Avoid using any financial instrument which permits overdrawing funds.

Plenty of money management methods are available which prevent this error by design.

Do not rely on any facts other than those which are spelled out in the fine print of a valid written contract.

Awhile back, while I was living and working in California, I had an ATM card which, to my extreme surprise, permitted me to buy some groceries despite the funds not being available in my account. It turns out that smaller institutions are more likely to balance the books at the end of the day, rather than instantly. Sure enough, I reread the fine print of my contract, and it did spell out that I was exclusively responsible for keeping my own ledger -- and the 'check your balance' feature on their ATM machines did not necessarily reflect the actual balance; it could be several days out of date!

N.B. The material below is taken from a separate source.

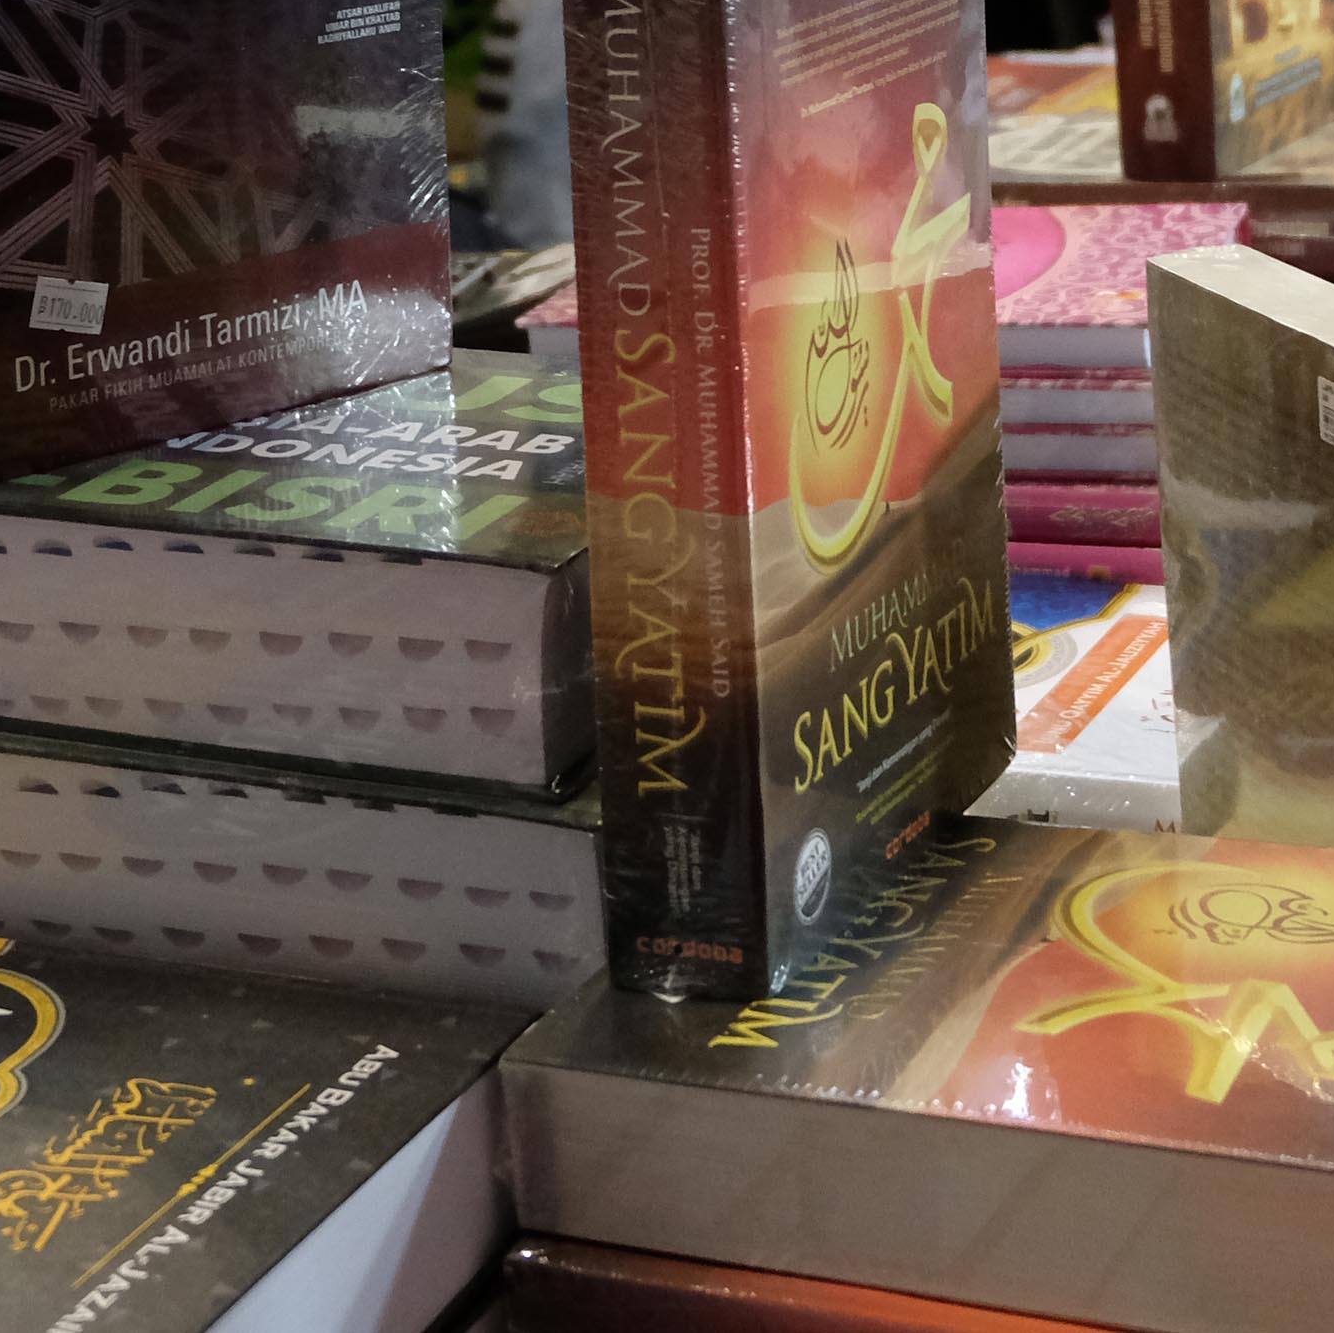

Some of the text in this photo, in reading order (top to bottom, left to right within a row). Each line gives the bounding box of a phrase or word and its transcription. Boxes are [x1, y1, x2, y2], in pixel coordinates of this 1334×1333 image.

Today I use a NetSpend card that I bought from the Money Box[1] near my house. I walk over there and give them cash, and this ordinary-looking credit/debit card functions normally until it is empty. If there's no money in it, the transaction is simply declined.[2] But perhaps most important, I immediately receive an SMS message on my mobile phone listing the transaction details and the remaining balance, accurate as of that very instant.


[1] bonus points for their use of the 'King and I' reference on their et cetera page; negative points for their use of pop-up windows.

[2] although I have found that, after many cycles of my reliably filling and emptying the card, they will allow one and only one final transaction to exceed the balance by a tiny amount, as a convenience. I'm pretty sure they'd stop doing that if I asked them to.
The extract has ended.